The analyses of these 16 binary classification problems showed that the Transformer encoder model performs the best in nearly all scenarios. In addition, when the disease prevalence is close to or greater than 50%, the Convolutional Neural Network model achieved a comparable performance to the Transformer encoder, and its training time was 17.6% shorter than the second fastest model, 91.3% shorter than the Transformer encoder, and 94.7% shorter than the pre-trained BERT-Base model. The BioWordVec embeddings slightly improved the performance of the Bi-LSTM model in most disease prevalence scenarios, while the CNN model performed better without pre-trained word embeddings. In addition, the training time was significantly reduced with the GloVe embeddings for all models.
For classification tasks on medical notes, Transformer encoders are the best choice if the computation resource is not an issue. Otherwise, when the classes are relatively balanced, CNNs are a leading candidate because of their competitive performance and computational efficiency.
医生撰写的出院病历中包含有关患者健康状况的重要信息。许多深度学习算法已成功应用于从非结构化医疗记录数据中提取重要信息,这可能会带来医疗领域的后续可操作结果。本研究旨在探讨不同疾病类别不平衡情况下,各种深度学习算法在病历文本分类任务中的模型性能。
本研究采用了七种人工智能模型,包括卷积神经网络(CNN)、Transformer 编码器、预训练的 BERT(来自 Transformer 的双向编码器表示)和四种典型的序列神经网络模型,即循环神经网络(RNN)、门控循环单元(GRU)、长短期记忆网络(LSTM)和双向长短期记忆网络(Bi-LSTM),对患者出院小结中的 16 种疾病进行分类。我们将这个问题分析为 16 个二进制独立分类问题的组合。比较了七种模型在 16 个数据集的每个数据集上的性能,这些数据集的类不平衡程度不同,评估指标包括 AUC-ROC(曲线下的接收者操作特征面积)、AUC-PR(曲线下的精度和召回面积)、F1 得分、平衡准确率以及训练时间。还比较了不同词嵌入方法(GloVe、BioWordVec 和无预训练词嵌入)下的模型性能。

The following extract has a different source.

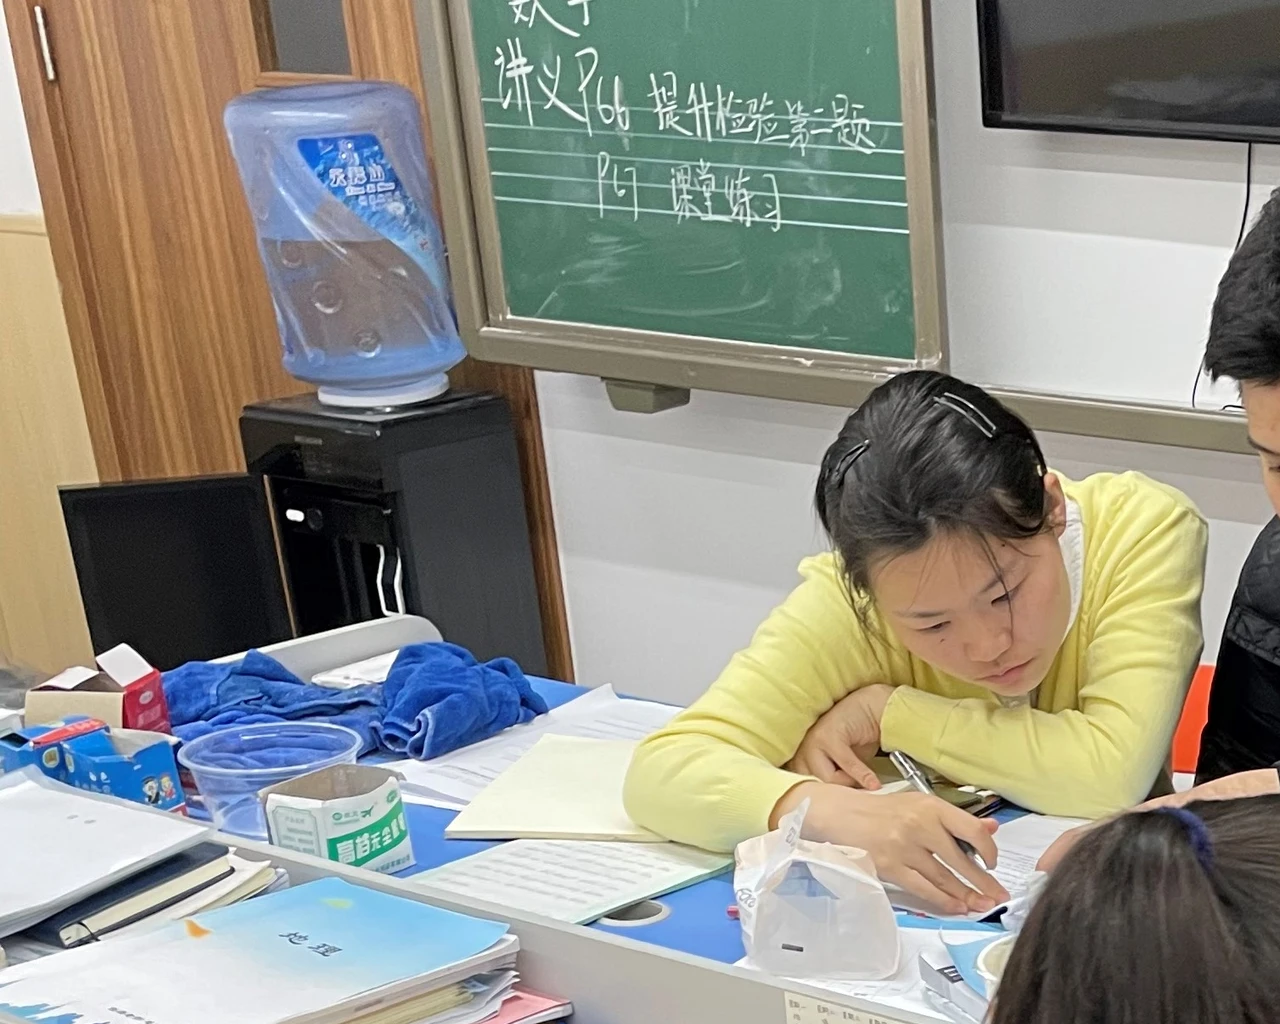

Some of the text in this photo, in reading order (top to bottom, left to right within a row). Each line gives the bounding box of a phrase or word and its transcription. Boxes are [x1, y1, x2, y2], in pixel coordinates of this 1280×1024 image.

这些二进制分类问题的分析表明,Transformer 编码器模型在几乎所有情况下表现最好。此外,当疾病流行率接近或大于 50%时,卷积神经网络模型的性能与 Transformer 编码器相当,其训练时间比第二快的模型短 17.6%,比 Transformer 编码器短 91.3%,比预训练的 BERT-Base 模型短 94.7%。在大多数疾病流行率场景中,BioWordVec 词嵌入略微提高了 Bi-LSTM 模型的性能,而 CNN 模型在没有预训练词嵌入的情况下表现更好。此外,对于所有模型,GloVe 词嵌入都显著减少了训练时间。
对于病历的分类任务,如果计算资源不是问题,那么 Transformer 编码器是最佳选择。否则,在类别相对平衡的情况下,由于具有竞争力的性能和计算效率,CNN 是首选。